Third, PDF extraction was decent for argument-heavy papers but weaker on data. It pulled out the main claims and supporting reasoning from that policy paper well enough, but when I tried it on something more technical — a stats-heavy methodology section — the summary flattened things too much. Nuance around sample sizes and confidence intervals got compressed into vague phrasing like "results were significant," which isn't something I'd trust without double-checking the original.

Where the Friction Shows Up

The biggest tradeoff I noticed is between speed and control. Beanly pushes you toward quick summaries, and that's great when you just need the gist. But if you're building notes you'll cite later — for a report, a paper, anything where accuracy matters — you'll spend non-trivial time verifying details the AI glossed over or slightly rephrased. I caught at least two instances where a summary attributed a point to the wrong speaker in my meeting transcript. Not a huge deal for internal notes, but it would be embarrassing in something shared wider.

There's also a mild friction around input format. The tool handles pasted text well, but if your meeting audio isn't already transcribed, you'll need a separate step before Beanly can do anything with it. That's not a flaw exactly — it's just not a fully end-to-end pipeline, and I think the marketing could be clearer about that. If you expect to drop in an audio file and get notes out, you'll be disappointed.

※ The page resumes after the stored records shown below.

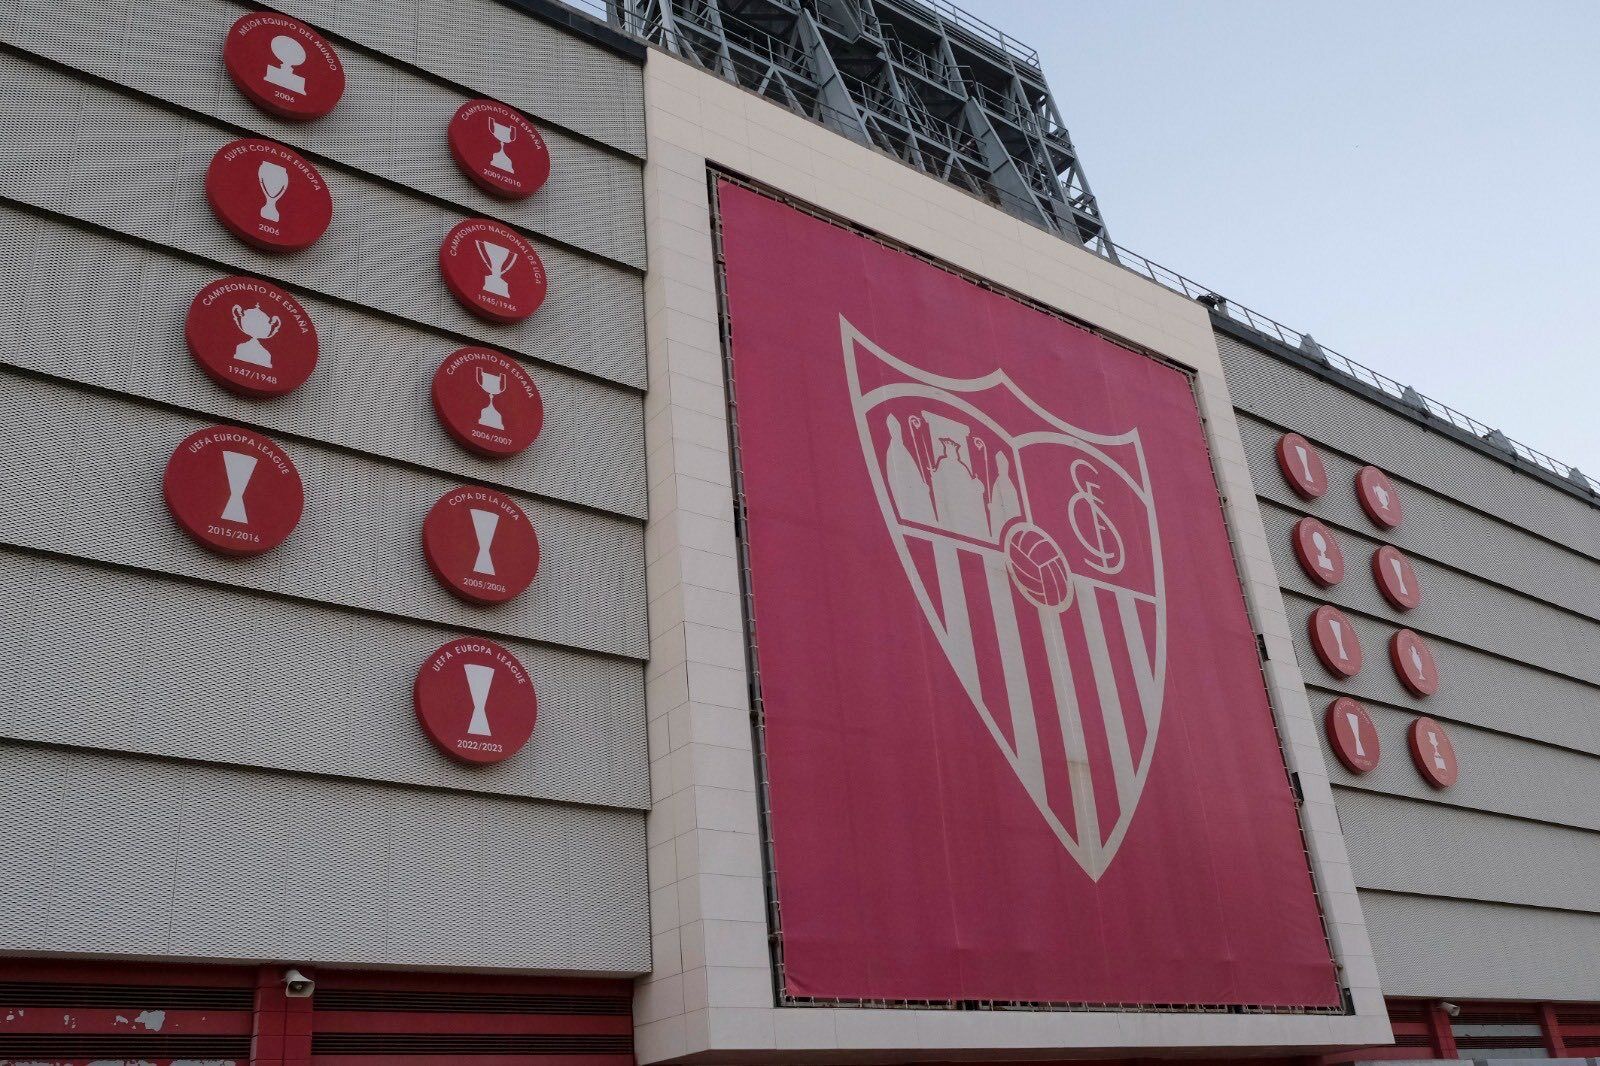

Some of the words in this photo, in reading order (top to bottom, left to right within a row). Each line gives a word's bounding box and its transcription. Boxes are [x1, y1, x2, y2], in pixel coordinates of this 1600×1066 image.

[262, 18, 297, 30] EQUIPO
[299, 28, 314, 41] DEL
[314, 40, 337, 71] MUNDO
[274, 90, 295, 103] 2006
[510, 115, 520, 124] DE
[224, 146, 248, 162] SUPER
[249, 144, 278, 155] COPA
[280, 152, 292, 161] DE
[293, 160, 321, 191] EUROPA
[259, 224, 279, 236] 2006
[450, 224, 486, 256] CAMPEONATO
[488, 225, 528, 254] NACIONAL
[527, 255, 537, 265] DE
[533, 266, 541, 284] LIGA
[202, 283, 267, 306] CAMPEONATO
[269, 291, 281, 302] DE
[282, 301, 308, 334] ESPAÑA
[478, 294, 517, 312] 1945/1946
[447, 353, 497, 375] CAMPEONATO
[499, 360, 510, 370] DE
[228, 366, 277, 384] 1947/1948
[472, 429, 512, 446] 2006/2007
[189, 437, 212, 453] UEFA
[214, 433, 255, 447] EUROPA
[257, 443, 290, 475] LEAGUE
[449, 493, 473, 506] COPA
[475, 492, 486, 500] DE
[489, 495, 498, 505] LA
[501, 502, 520, 521] UEFA
[208, 525, 260, 543] 2015/2016
[463, 577, 506, 592] 2005/2006
[432, 651, 453, 672] UEFA
[455, 644, 492, 655] EUROPA
[496, 652, 526, 685] LEAGUE
[457, 739, 503, 753] 2022/2023

I'm also a bit cautious about the organizational features. The tagging and folder structure work, but they feel fairly basic compared to something like Notion or Obsidian. For a lightweight note-taking workflow, that's probably fine. If you're someone who relies on nested databases or complex cross-referencing, Beanly won't replace your existing system — it'll sit alongside it, maybe as the capture layer.

When It Fits and When It Doesn't

Beanly makes sense if your note-taking workflow currently involves a lot of manual summarizing and you're okay with light editing after the AI does the heavy lifting. It's especially useful for:

  • Recurring meetings where you need action items and decisions documented fast
  • Lecture or talk content you want to review in chunks rather than re-watch entirely
  • Long documents where you need the argument structure before diving into details

It's less compelling if you need high-fidelity extraction of data, technical specifics, or anything where paraphrasing risks losing precision. And if your workflow already runs through a tool with strong AI integrations — say, Otter for meetings plus a connected note system — Beanly might overlap without adding enough differentiation.

The bilingual support is a real plus though. Switching between English and Chinese input felt natural, and the summaries handled mixed-language content better than I expected. If you operate in both languages regularly, that alone might justify keeping it in your rotation.

Where I Land on This

After two weeks, I'm still using Beanly for meeting summaries and the occasional long document. It's earned a spot in my note-taking workflow, but not as the central hub — more like a fast front-end that feeds into other tools where I do deeper organization. The speed is real, the summaries are mostly solid, and the bilingual angle is genuinely useful. But I don't trust it enough to skip verification, and the organizational layer is too thin for it to replace anything I already rely on for structured knowledge management.

If your current note-taking workflow is slow and messy, Beanly is worth trying. If it's already refined and tool-heavy, think about where speed matters most and test it there before committing broader time to it.